§ **How to complete this task**
A faithful, word-for-word copy of the records is required, and it must contain no pictures.
(Beginning of Exercise inputs)
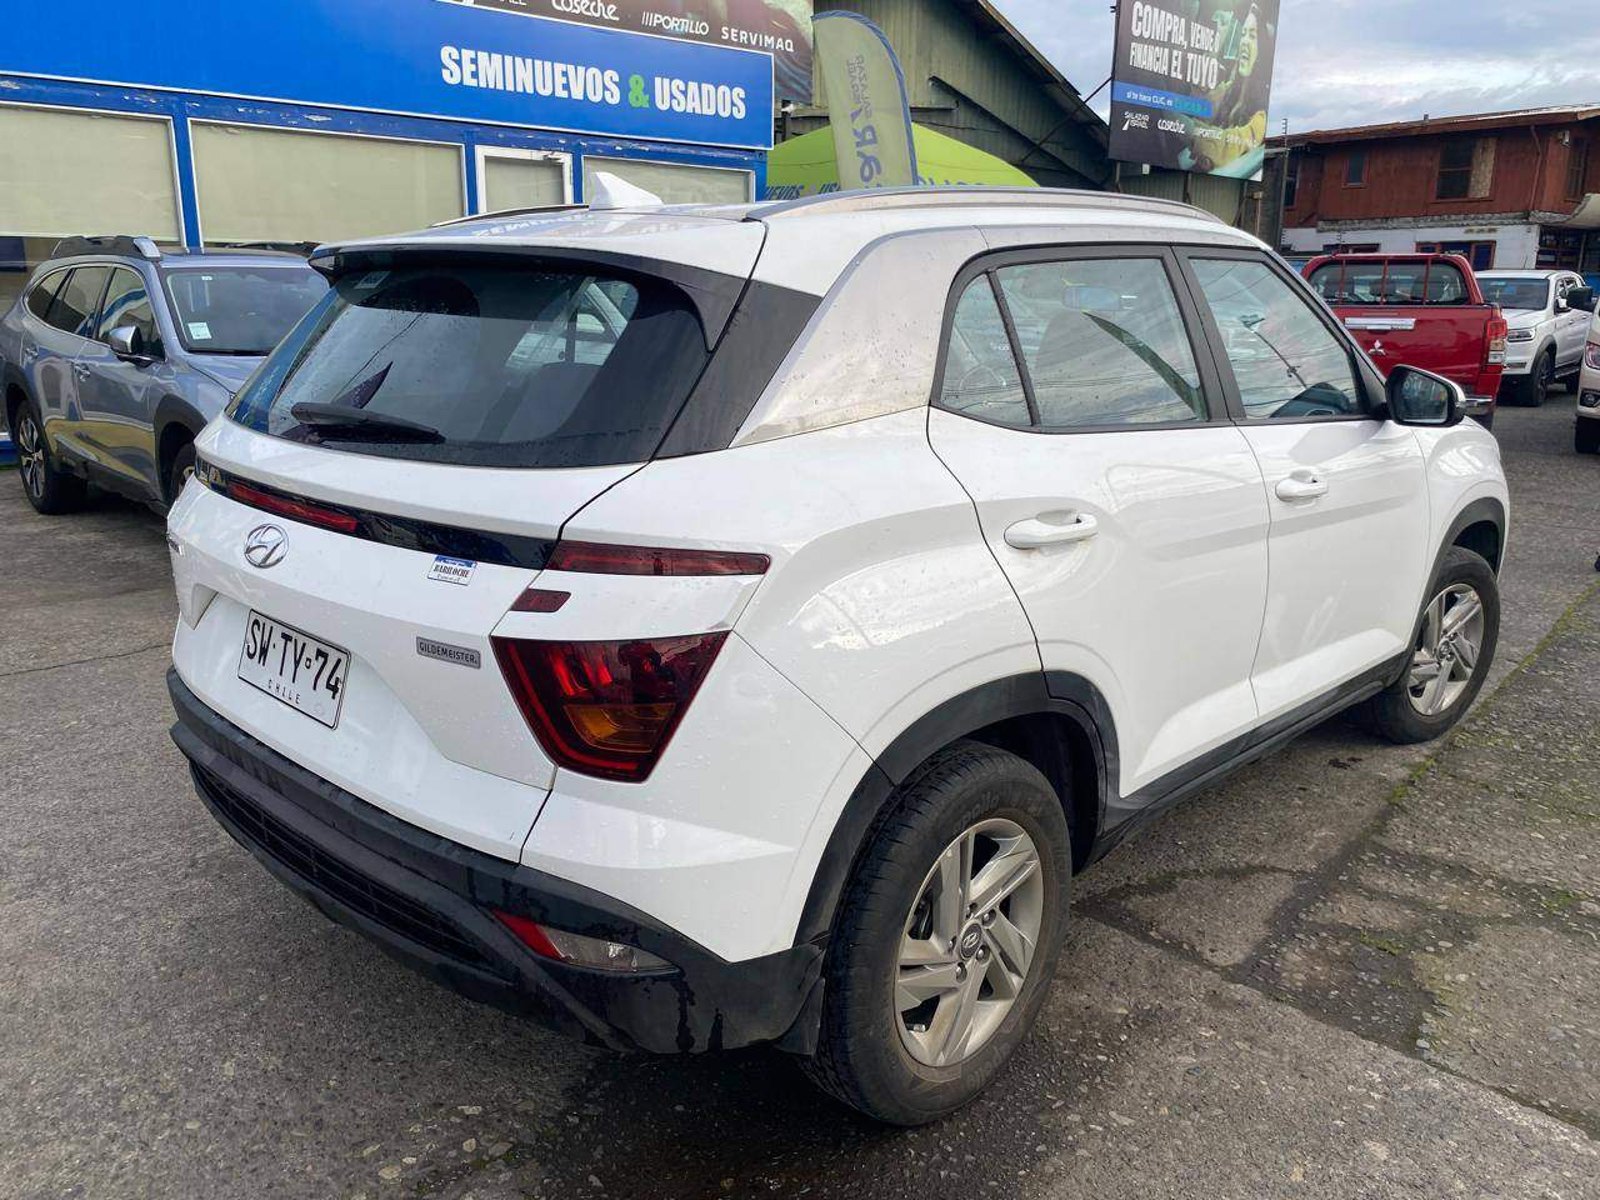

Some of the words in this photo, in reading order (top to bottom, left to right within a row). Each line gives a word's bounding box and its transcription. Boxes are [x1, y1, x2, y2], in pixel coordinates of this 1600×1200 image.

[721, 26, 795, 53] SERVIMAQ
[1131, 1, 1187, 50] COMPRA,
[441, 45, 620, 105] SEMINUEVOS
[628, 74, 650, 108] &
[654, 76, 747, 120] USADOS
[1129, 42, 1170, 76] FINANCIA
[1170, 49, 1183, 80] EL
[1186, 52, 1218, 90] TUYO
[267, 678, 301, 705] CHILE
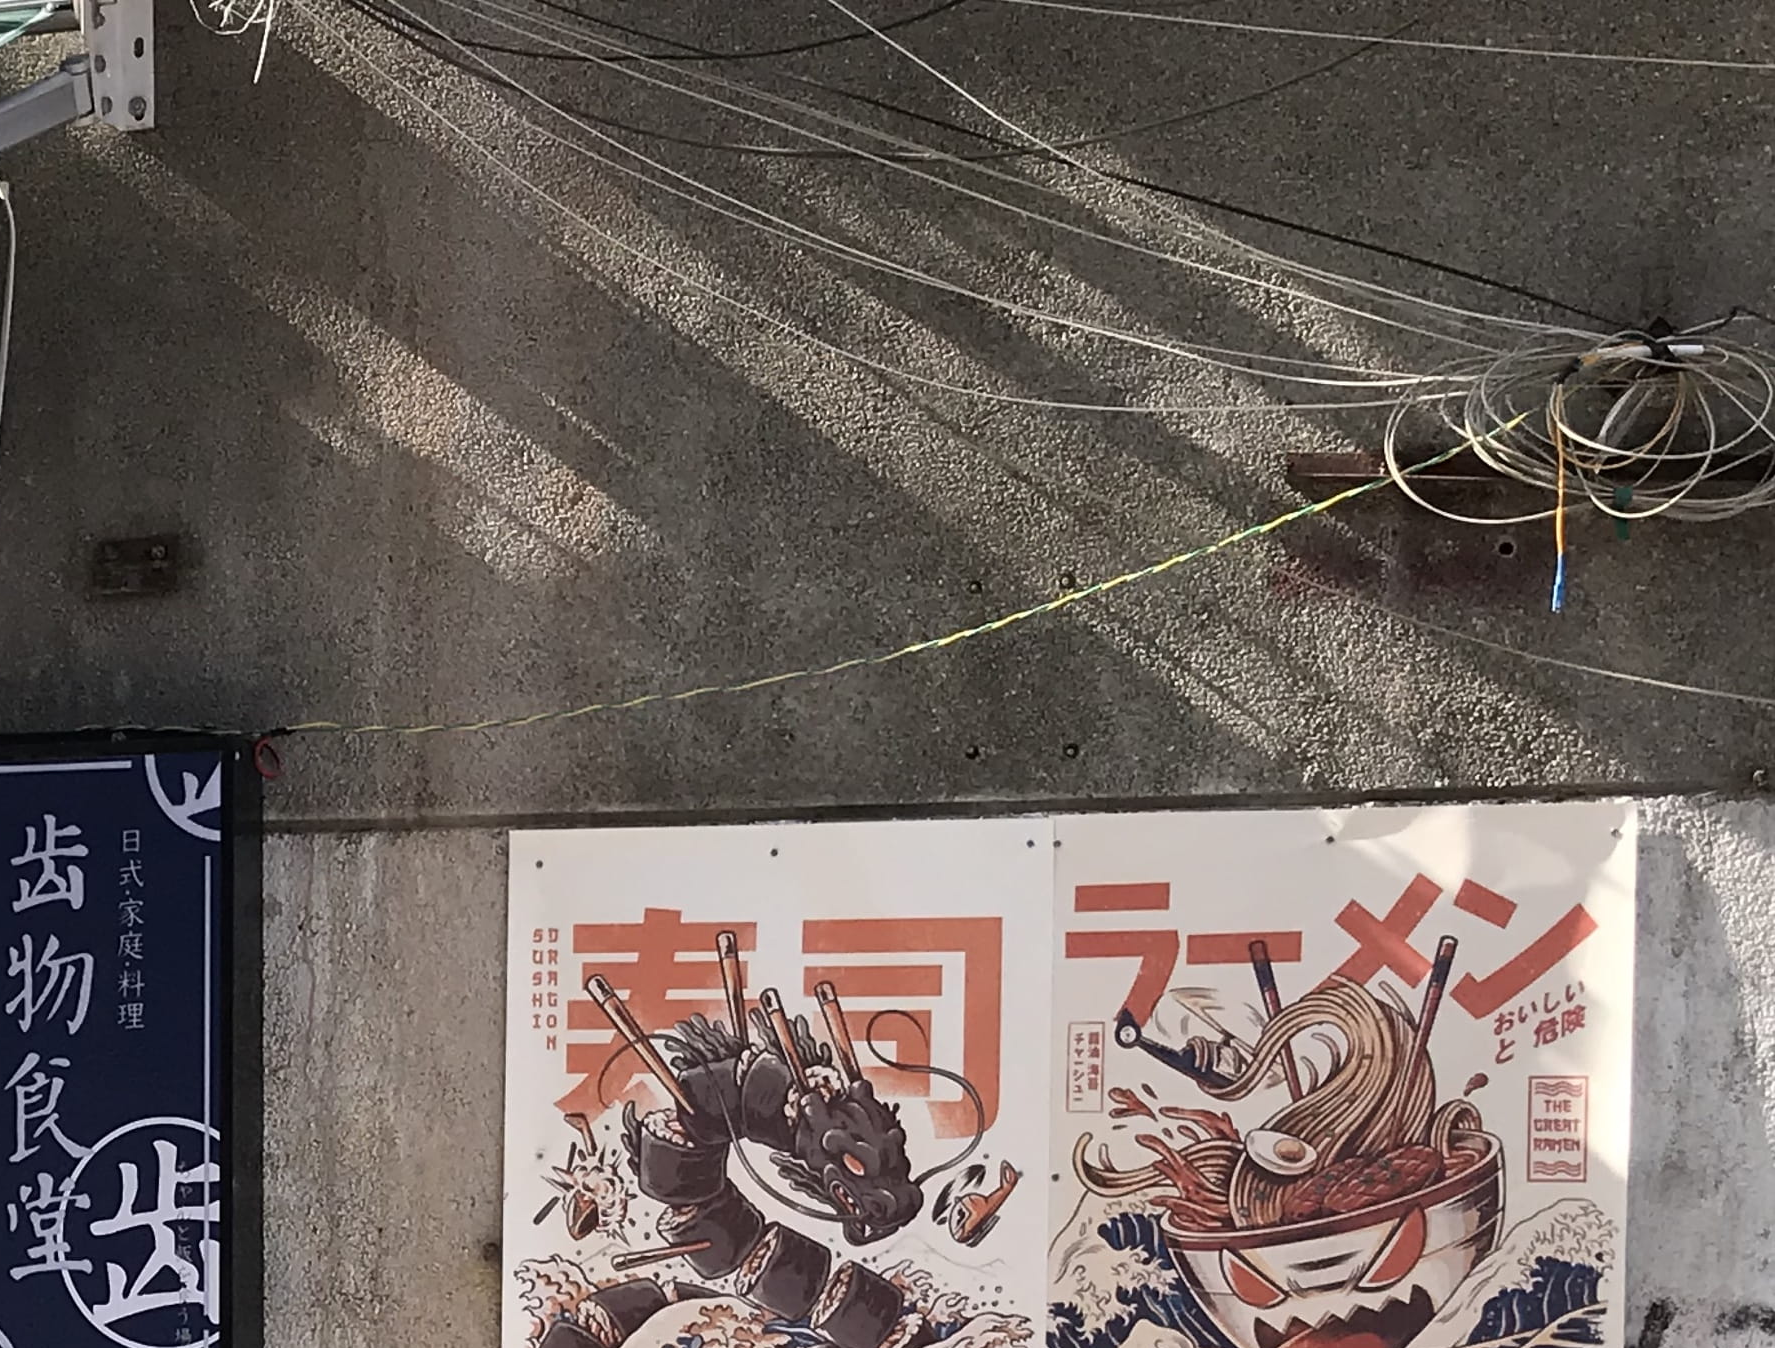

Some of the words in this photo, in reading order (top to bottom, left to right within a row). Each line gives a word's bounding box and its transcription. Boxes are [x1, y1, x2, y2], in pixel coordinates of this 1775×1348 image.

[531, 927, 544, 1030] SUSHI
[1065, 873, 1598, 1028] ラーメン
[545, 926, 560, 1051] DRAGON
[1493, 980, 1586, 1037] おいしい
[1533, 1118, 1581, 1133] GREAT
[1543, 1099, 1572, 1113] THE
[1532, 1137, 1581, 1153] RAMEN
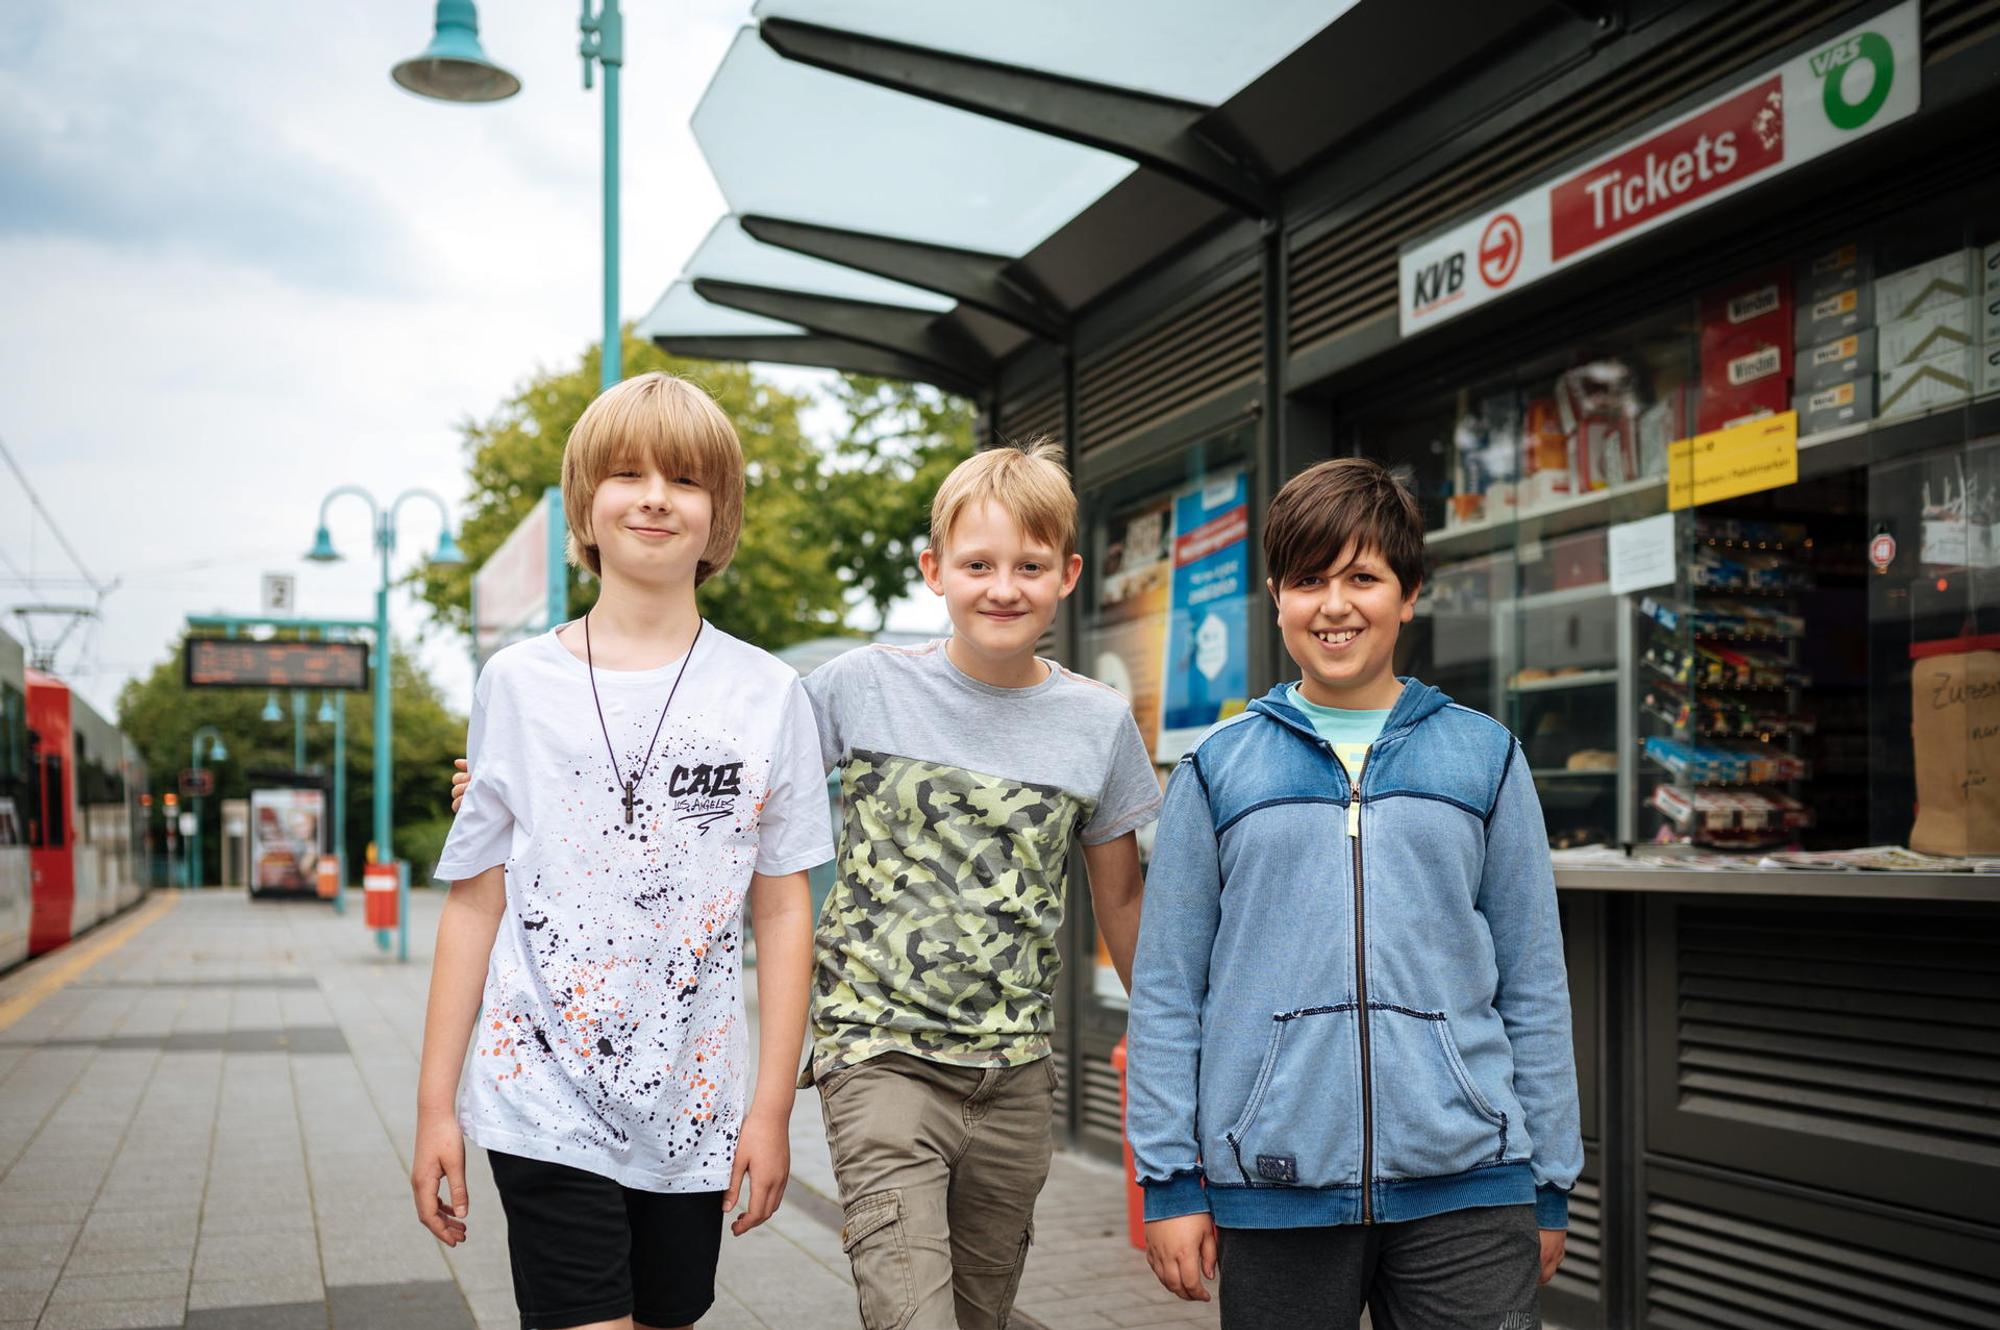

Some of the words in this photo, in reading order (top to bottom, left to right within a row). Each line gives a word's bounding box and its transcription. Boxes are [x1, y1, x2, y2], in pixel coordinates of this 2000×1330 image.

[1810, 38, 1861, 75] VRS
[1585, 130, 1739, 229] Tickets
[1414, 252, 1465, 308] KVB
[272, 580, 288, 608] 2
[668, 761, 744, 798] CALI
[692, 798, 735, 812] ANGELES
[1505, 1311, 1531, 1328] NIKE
(End of Exercise inputs)
§ **Response area**
Some of the words in this photo, in reading order (top to bottom, left to right within a row). Each line gives a word's bounding box and its transcription. Boxes are [x1, y1, x2, y2], in pixel coordinates of this 1600×1200 image.

[721, 26, 795, 53] SERVIMAQ
[1131, 1, 1187, 50] COMPRA,
[441, 45, 620, 105] SEMINUEVOS
[628, 74, 650, 108] &
[654, 76, 747, 120] USADOS
[1129, 42, 1170, 76] FINANCIA
[1170, 49, 1183, 80] EL
[1186, 52, 1218, 90] TUYO
[267, 678, 301, 705] CHILE

Some of the words in this photo, in reading order (top to bottom, left to right within a row). Each line gives a word's bounding box and its transcription. Boxes are [x1, y1, x2, y2], in pixel coordinates of this 1775×1348 image.

[531, 927, 544, 1030] SUSHI
[1065, 873, 1598, 1028] ラーメン
[545, 926, 560, 1051] DRAGON
[1493, 980, 1586, 1037] おいしい
[1533, 1118, 1581, 1133] GREAT
[1543, 1099, 1572, 1113] THE
[1532, 1137, 1581, 1153] RAMEN

Some of the words in this photo, in reading order (top to bottom, left to right within a row). Each line gives a word's bounding box and its transcription. Boxes are [x1, y1, x2, y2], in pixel coordinates of this 2000×1330 image.

[1810, 38, 1861, 75] VRS
[1585, 130, 1739, 229] Tickets
[1414, 252, 1465, 308] KVB
[272, 580, 288, 608] 2
[668, 761, 744, 798] CALI
[692, 798, 735, 812] ANGELES
[1505, 1311, 1531, 1328] NIKE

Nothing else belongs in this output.